Ronchonchon il aime pas la bible en latin, c’est insipide !

 

L’Incipit Prologus proposé par Walrus est vraiment très obscur.

Ronchonchon pense tout haut : "C'est sur-moi j'vou'l dit ça va être la Guerre"

Immédiatement La Guerre des Etoiles, lui revient en mémoire...

N'irait-il pas interviewer son vieux pote Yoda, pour savoir ce qu'il en pense du côté obscur de ce texte ?

 

Maître Yoda, par le biais de l'image

tente d'expliquer à Ronchonchon pourquoi ça frite dans la famille Vadehors :

 

(bon là il faut imaginer le générique du film qui défile... car je n'ai pas le talent de Joye)

 

... Il y a très longtemps, dans une "Proximité" lointaine

Un verset de la Bible les oppose...

 

FAMILY WARS

 

EPISODE 1 : THE Obscure filiation

 

« Je suis ton père... » Ici commence le livre I du mystère de l'obéissance filiale selon Luc, façon dark side.

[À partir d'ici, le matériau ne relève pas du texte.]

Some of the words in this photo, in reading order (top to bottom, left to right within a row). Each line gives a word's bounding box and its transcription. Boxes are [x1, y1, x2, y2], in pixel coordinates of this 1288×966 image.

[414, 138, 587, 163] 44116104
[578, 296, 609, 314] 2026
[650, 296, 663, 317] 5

« T'as plutôt intérêt à me croire, je suis ton père ! De ce seul acte de foi forcée dépendra ton salut ! »

« Ouhais c'est ça, salut, j'me casse ! » Renoncer à mes volontés, mais il rêve le vieux ! La force est avec moi...

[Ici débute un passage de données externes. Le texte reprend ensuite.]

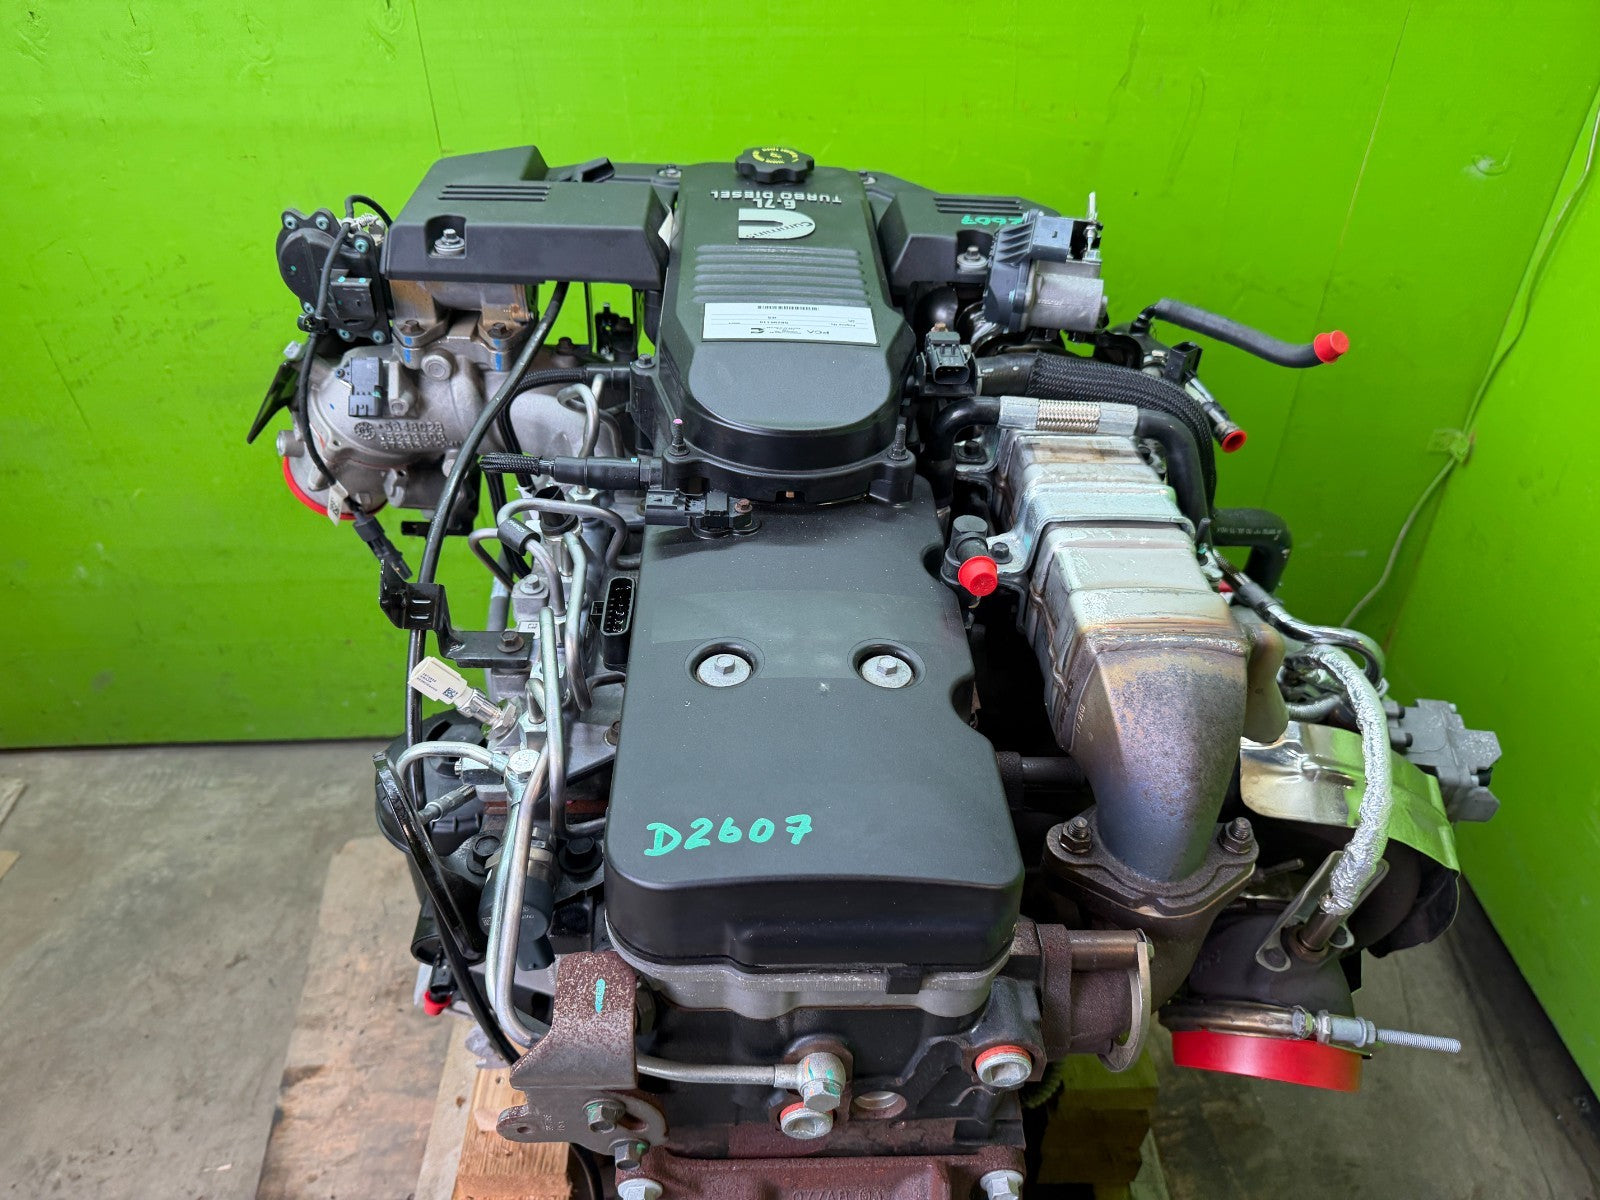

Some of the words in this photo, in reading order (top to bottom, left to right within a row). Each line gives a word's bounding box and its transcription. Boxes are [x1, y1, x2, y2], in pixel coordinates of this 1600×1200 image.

[710, 190, 773, 199] DIESEL
[780, 191, 842, 203] TURBO
[752, 198, 796, 209] 6.7L
[644, 814, 813, 857] D2607

Ainsi débute la quête de Luc : « Je suis moi et toi tais-toi ! C’est encore sur-moi que ça tombe ! »

 (fin du générique)

 

A l'écoute de ces éclaircissements,

Ronchonchon est bien content de ne pas avoir eu des petits gorets à qui réciter la bible en latin !

Tu m'étonnes que les gamins se rebellent ! On comprend rien quand y causent les vieux...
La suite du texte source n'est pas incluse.